Berdasarkan penjelasan para ahli di atas, bahwa pemanfaatan sumber budaya lokal sangat
efektif digunakan sebagai media pembelajaran matematika untuk meningkatkan kognitif
siswa. Akan tetapi kenyataannya di lapangan, masih banyak guru yang belum
memanfaatkan sumber budaya untuk dijadikan media pembelajaran matematika untuk
siswa sekolah dasar.
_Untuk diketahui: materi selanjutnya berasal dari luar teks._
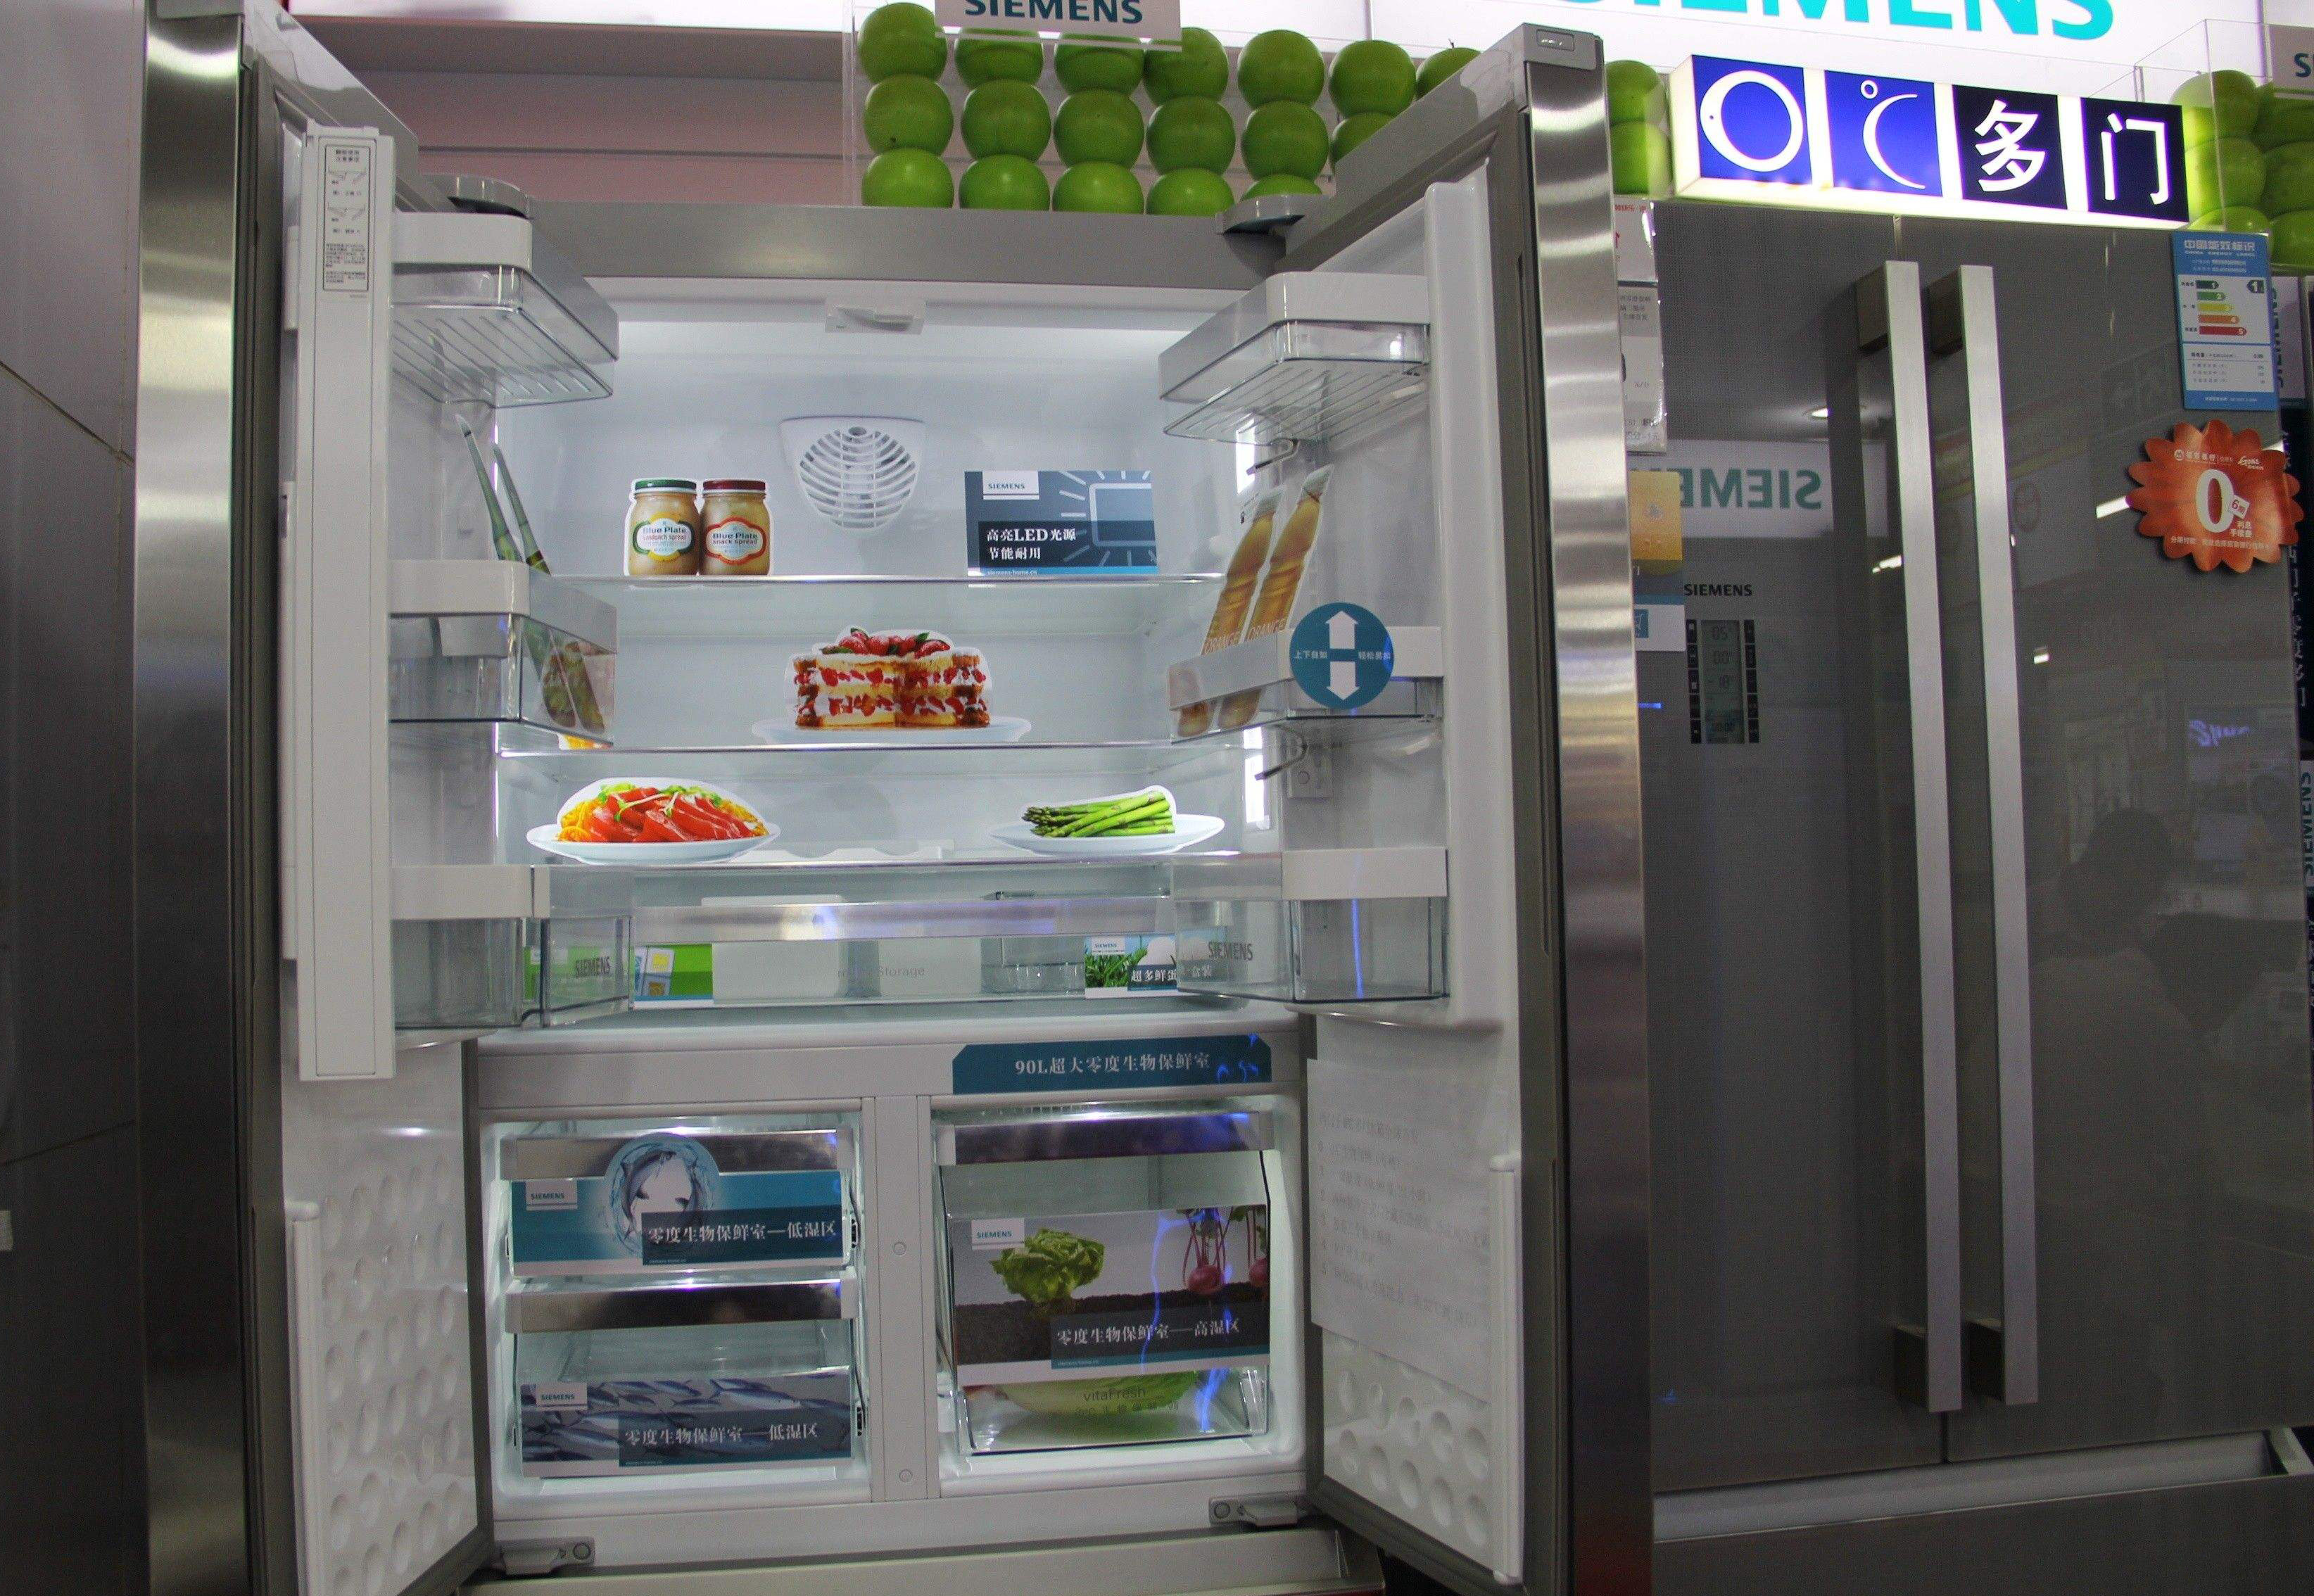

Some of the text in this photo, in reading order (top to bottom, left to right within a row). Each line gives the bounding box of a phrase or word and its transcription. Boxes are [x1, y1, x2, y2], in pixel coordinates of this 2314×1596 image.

Hal ini diketahui dari hasil pengamatan proses belajar mengajar yang
dilakukan dan hasil wawancara kepada guru. Guru hanya menggunakan buku panduan
yang diterbitkan oleh pemerintah tanpa adanya variasi pembelajaran dengan pemanfaatan
sumber budaya khususnya budaya sasak, bahkan guru tidak menyadari bahwa budaya
lokal sendiri banyak mengandung unsur matematika. Berdasarkan latar belakang tersebut,
maka tujuan penelitian ini untuk mendeskripsikan hasil eksplorasi etnomatematika
budaya sasak yang dapat dijadikan sebagai sumber belajar matematika.

b) Tujuan Penelitian:
Penelitian ini bertujuan untuk mengeksplorasi unsur budaya suku mbojo yang terdiri atas
rumah tradisional uma (rumah) lengge, tembe (sarung) nggoli, alat musik tradisional
genda, uma (rumah) jompa, dan kegiatan jual beli masyarakat suku mbojo di pasar.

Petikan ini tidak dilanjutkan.